I love my job but often we are just hired help. Some clients love us and take us into a special place relationship wise after a birth. And sometimes you are only the hired help. I get that. But often times I feel more invested in their births than they are. And that is hard for doulas. Sometimes they may hire a doula just because it is trendy or they can say the outcome they had was in spite of having a doula. They are not invested in preparing for their birth but want you to teach them in the moment. It is one of the leading causes of burn out. I have to remind myself all the time that this is their birth and they are responsible for their choices, not me.
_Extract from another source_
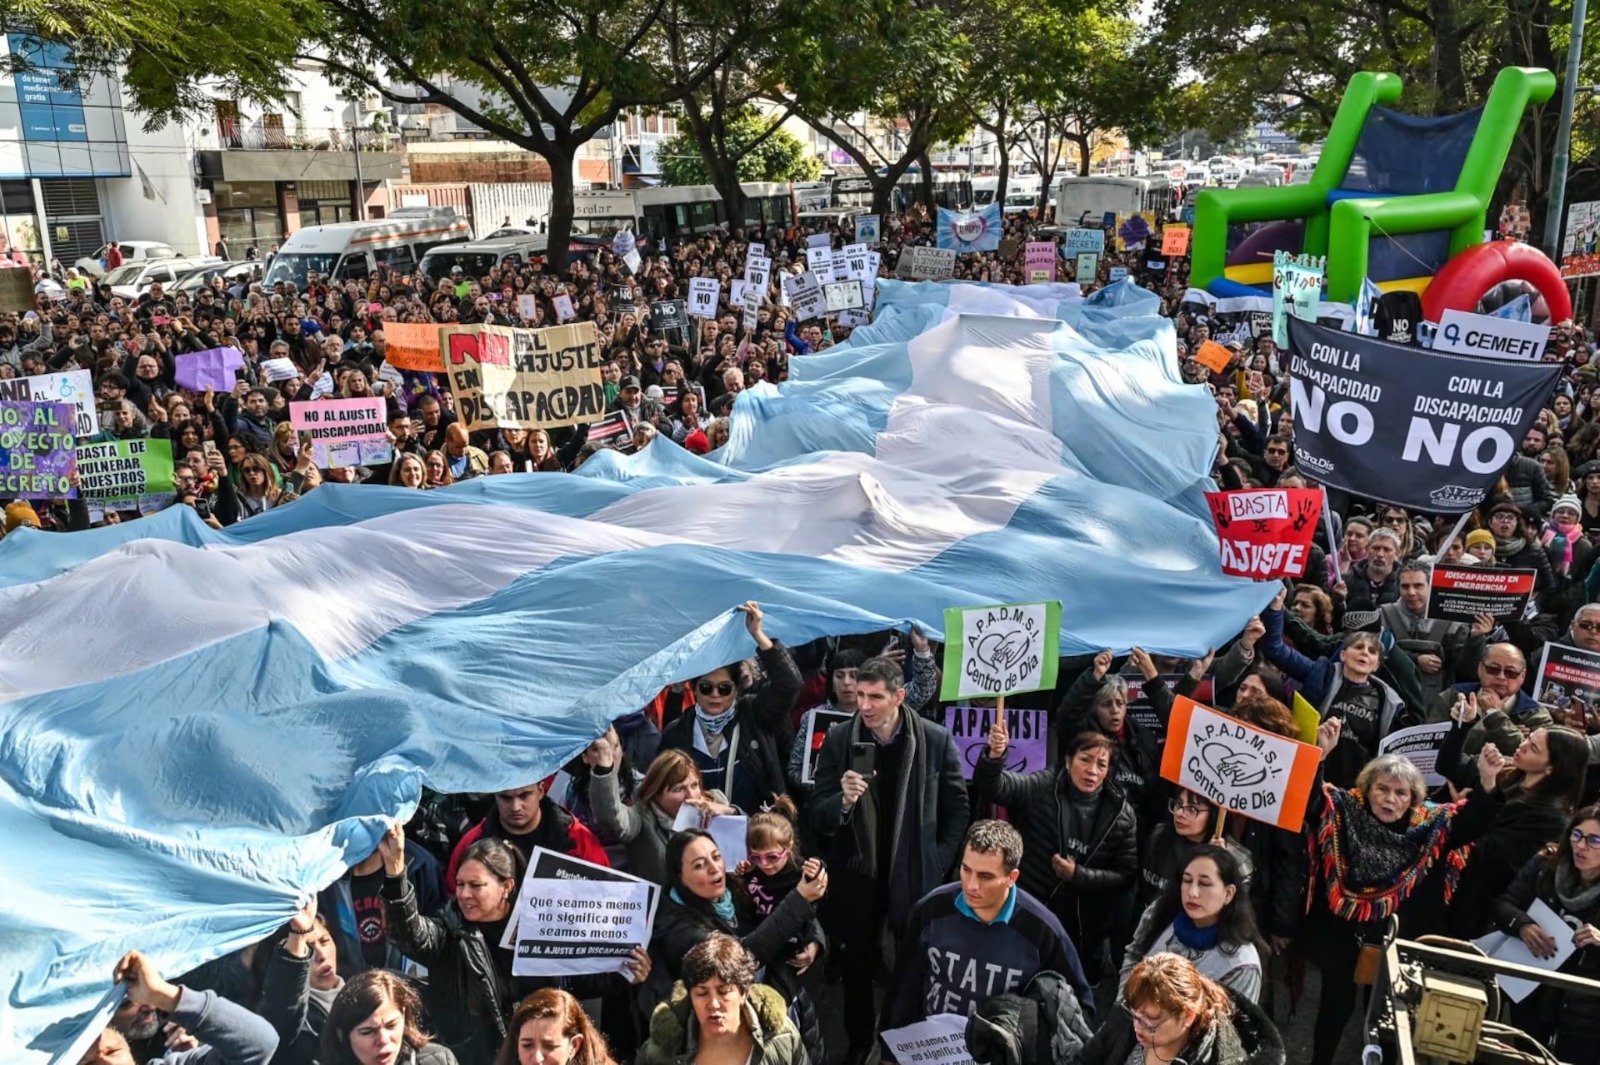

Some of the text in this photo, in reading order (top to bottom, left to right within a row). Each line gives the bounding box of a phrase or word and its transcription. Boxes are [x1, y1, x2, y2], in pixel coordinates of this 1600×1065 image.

So why do I love my job? I love being with families as they become a family. I love guiding them with information and watching how they translate that into what works for them. I love seeing women transition into motherhood. I love the warrior that those women become. And I love watching their partners beam with admiration at their warrior woman.  I love seeing a woman come into her power- having a voice and a real say in her birth experience. I love seeing God in the room as the baby is born. I love seeing that newborn baby latach to his mother’s breast and the smile come to the mom’s face. I love making a difference in births. I love preparing those moms and then seeing that preparation come to fruition. I love helping a mom overcome difficulties with breastfeeding. I love continuing to learn about birth at each birth!

doula_shots-11

But if this is truly your calling, you must do it. There is nothing that causes you to see the difficult things as obstacles. You only see them as challenges that you must work through. You see the benefits as so grand that they provide the drive. So if you are looking for a part time, light commitment job that pays really good money, this is not it. But if those things I love sing to your heart and the challenges seem inconsequential, then give me a call. I am always looking for women who find birth work to be their calling. But I warn you, my company requires a special commitment that requires your full heart.

basket with pebbles

Imagine you have a basket of pebbles- and a jar that is empty. And every skill you learn as a doula, you add one pebble from the basket to the jar. When you begin your journey as a new doula you learn some basic skills in your training… the double hip squeeze, counter pressure, some acupressure points, touch, etc… And so add the pebbles to the jar from the basket. You may end up with a dozen or more in the jar.

jar with little pebbles

Now you attend your certifying births and you pick up some more tools- you learn how to put ice in between the layers of a baby diaper and the padding for helping the mom with perineal swelling from a nurse. You learn how to spray water on the mom’s back without spraying her partner. And you pick up maybe a few more skills from watching the nurses. So you add a few more pebbles to the jar.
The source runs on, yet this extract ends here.